> [PROBLEM STATEMENT]: Before you return the lines below, strip out any images and keep every word as written.

---- DATA SUPPLIED

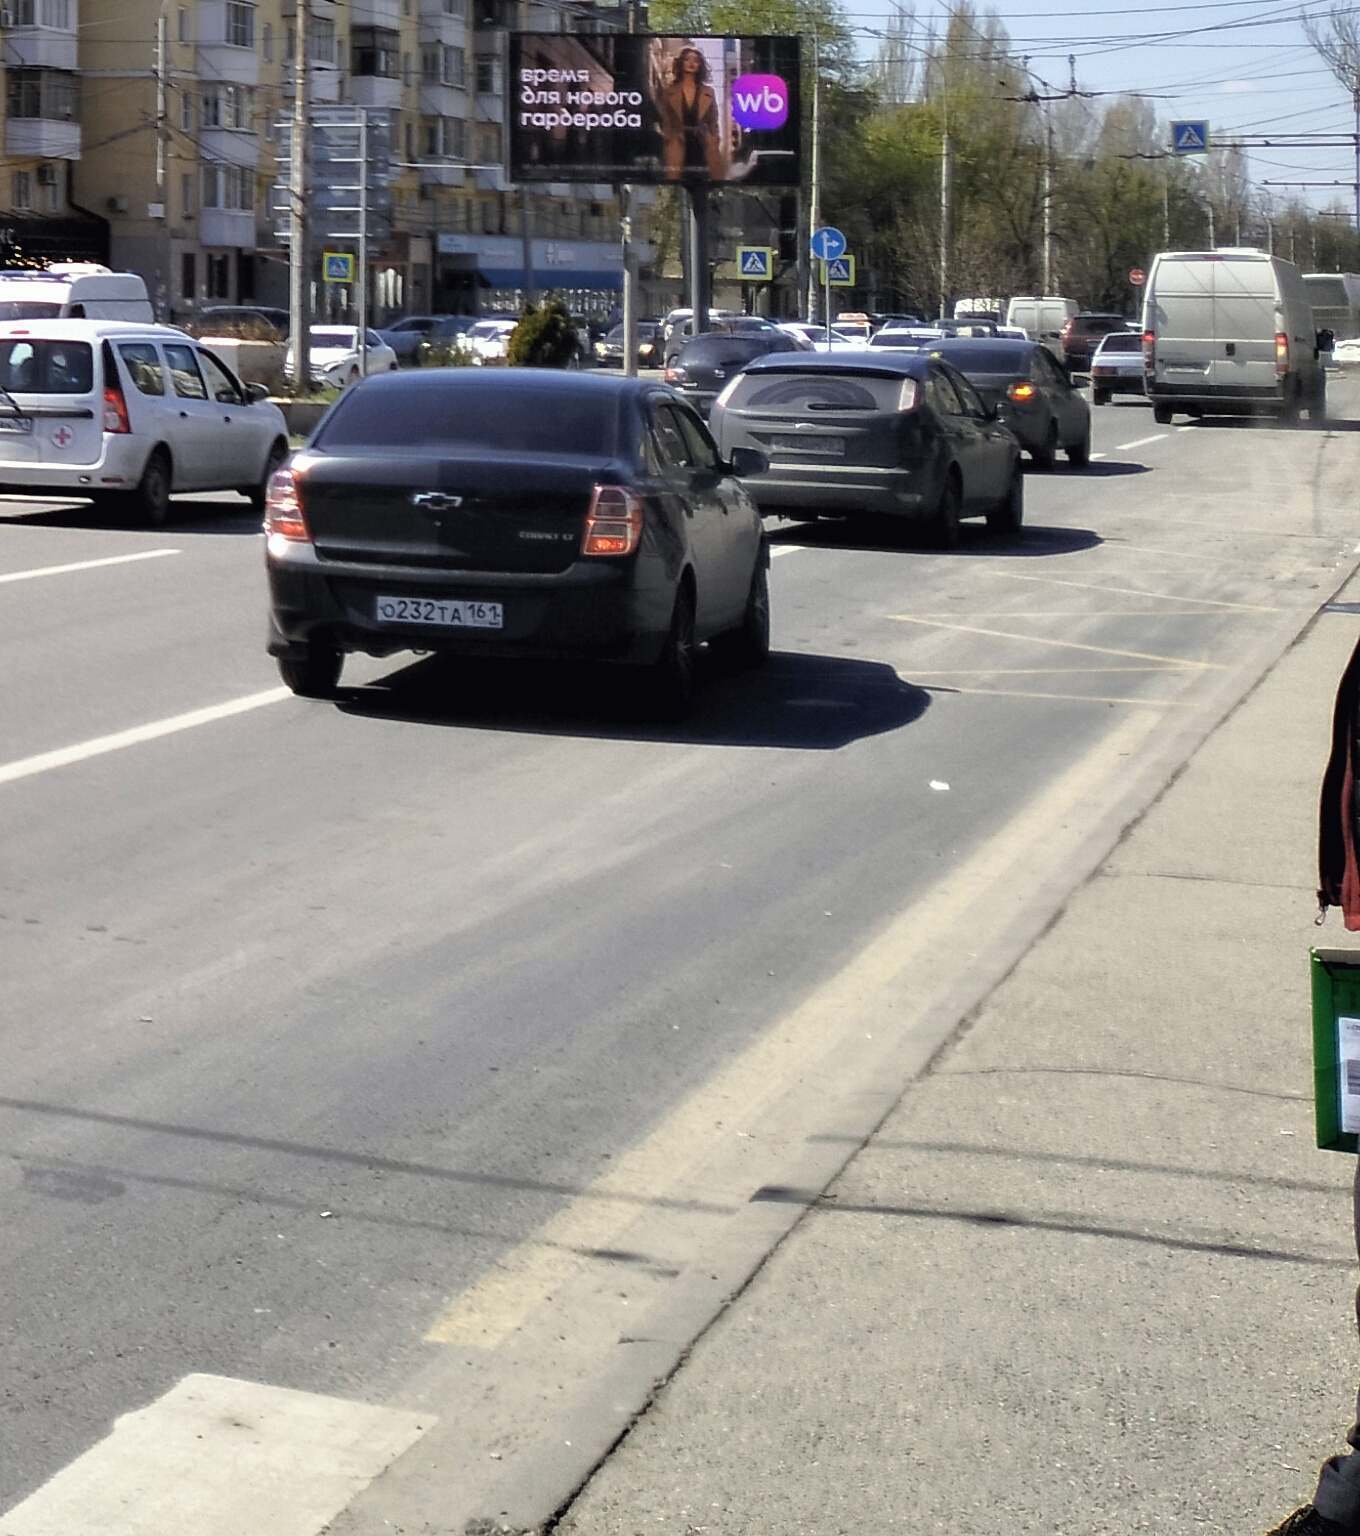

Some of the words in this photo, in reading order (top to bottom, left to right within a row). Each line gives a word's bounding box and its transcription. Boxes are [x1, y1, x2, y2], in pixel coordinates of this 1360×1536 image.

[520, 68, 590, 87] время
[520, 86, 561, 106] для
[566, 91, 643, 107] нового
[735, 85, 784, 114] wb
[520, 108, 642, 132] гардероба
[467, 603, 500, 622] 161

--------

> [OUTPUT]:
Some of the words in this photo, in reading order (top to bottom, left to right within a row). Each line gives a word's bounding box and its transcription. Boxes are [x1, y1, x2, y2], in pixel coordinates of this 1360×1536 image.

[520, 68, 590, 87] время
[520, 86, 561, 106] для
[566, 91, 643, 107] нового
[735, 85, 784, 114] wb
[520, 108, 642, 132] гардероба
[467, 603, 500, 622] 161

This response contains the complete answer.